(Items from a dataset)

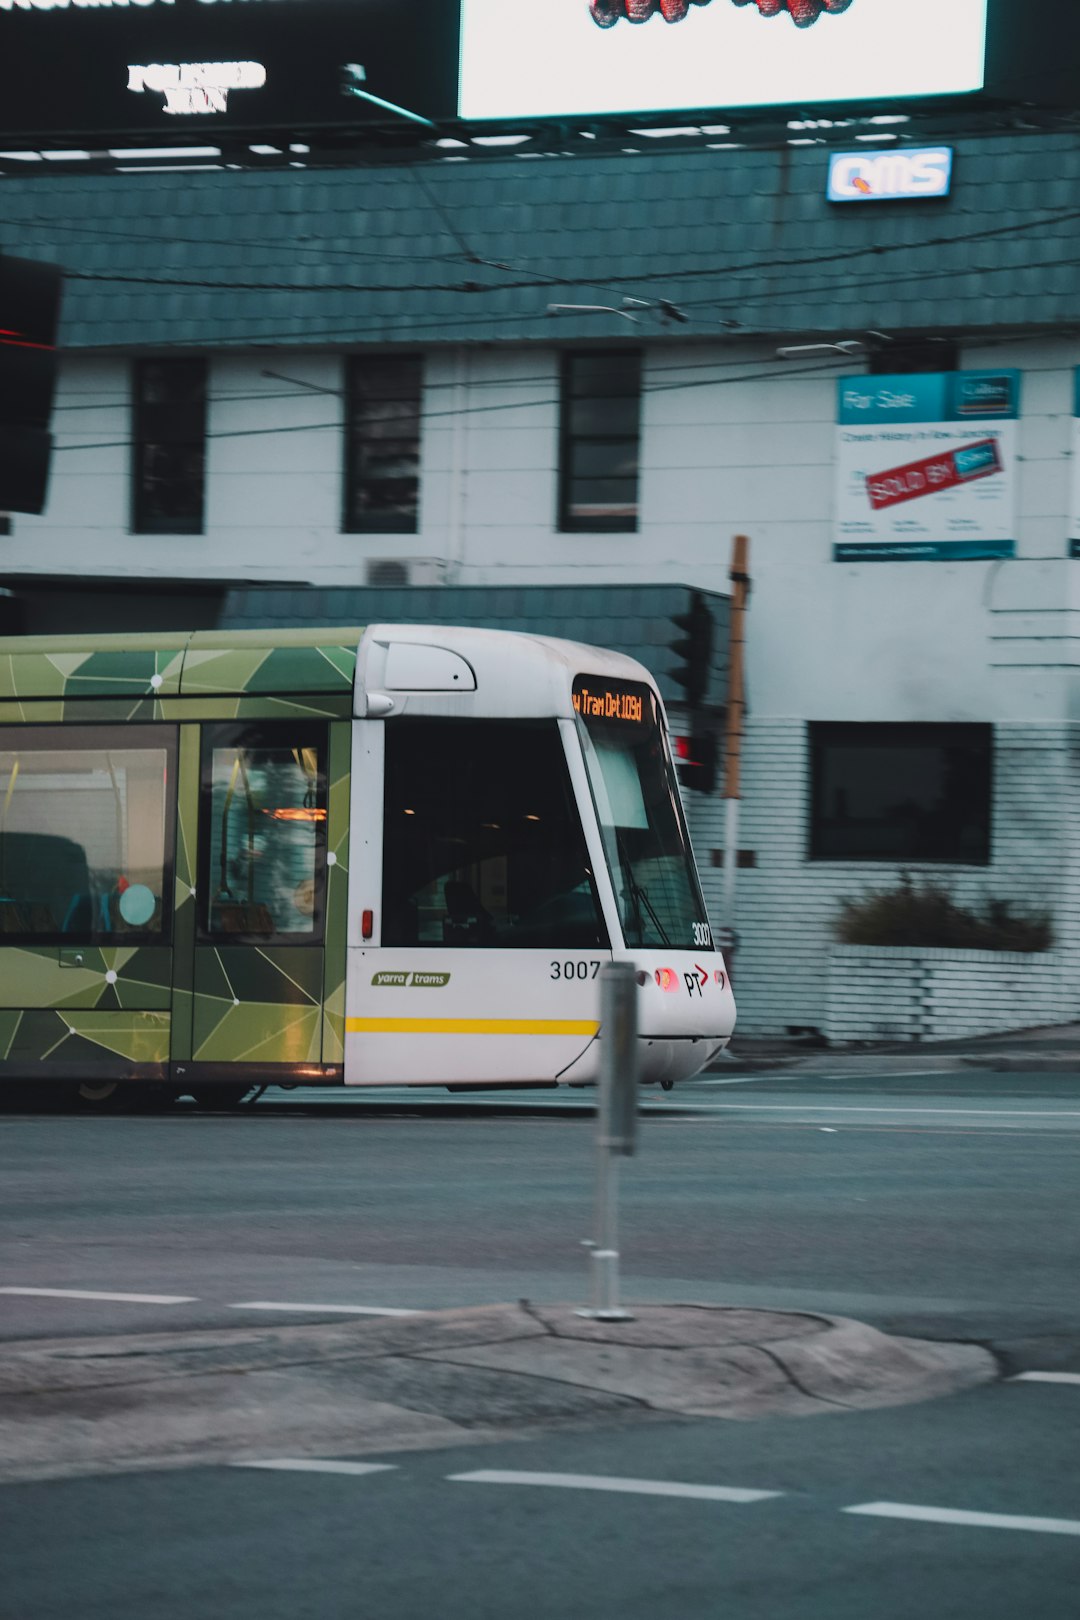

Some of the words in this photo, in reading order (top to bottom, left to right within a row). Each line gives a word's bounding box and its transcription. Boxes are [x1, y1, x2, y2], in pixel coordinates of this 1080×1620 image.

[581, 689, 604, 717] Tram
[692, 922, 711, 947] 3007
[377, 973, 405, 985] yarra
[414, 973, 445, 985] trams
[550, 961, 601, 980] 3007
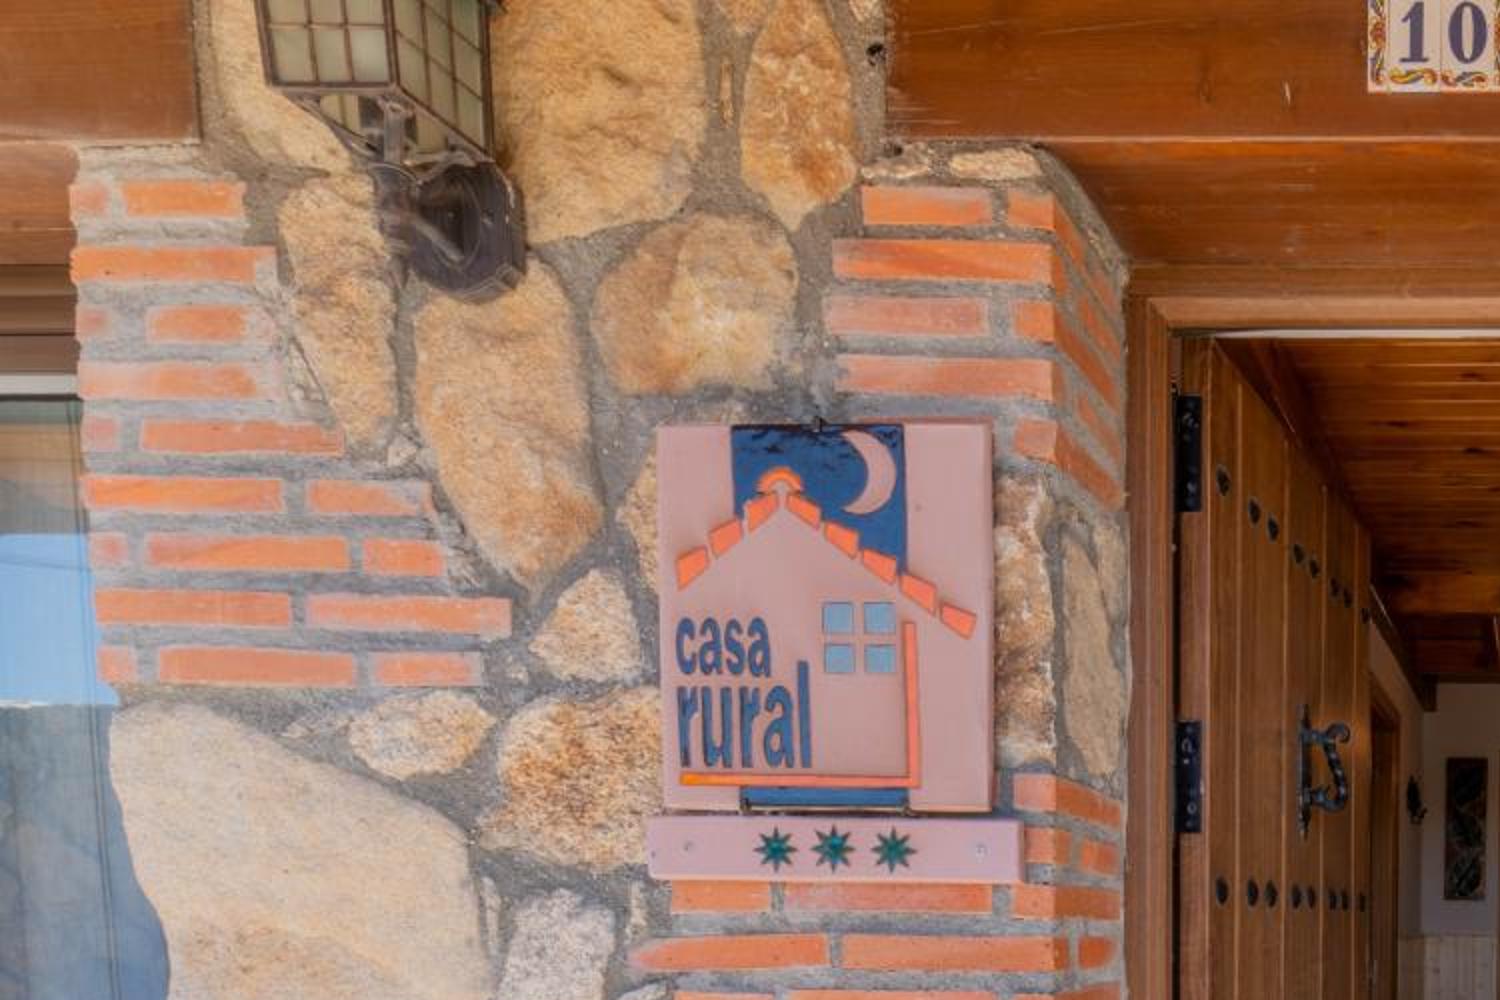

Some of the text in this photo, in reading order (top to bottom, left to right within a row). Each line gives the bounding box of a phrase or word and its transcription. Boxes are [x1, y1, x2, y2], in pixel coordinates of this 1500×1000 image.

[1400, 1, 1488, 64] 10
[676, 616, 771, 676] casa
[676, 660, 812, 769] rural

WHAT IS EXPECTED. In the copy, no pictures should appear; the records themselves must be repeated exactly.

EXPECTED OUTPUT.
Some of the words in this photo, in reading order (top to bottom, left to right within a row). Each line gives a word's bounding box and its transcription. Boxes are [x1, y1, x2, y2], in pixel coordinates of this 1080×1620 image.

[581, 689, 604, 717] Tram
[692, 922, 711, 947] 3007
[377, 973, 405, 985] yarra
[414, 973, 445, 985] trams
[550, 961, 601, 980] 3007

Some of the text in this photo, in reading order (top to bottom, left to right within a row). Each line gives the bounding box of a phrase or word and its transcription. Boxes are [x1, y1, x2, y2], in pixel coordinates of this 1500×1000 image.

[1400, 1, 1488, 64] 10
[676, 616, 771, 676] casa
[676, 660, 812, 769] rural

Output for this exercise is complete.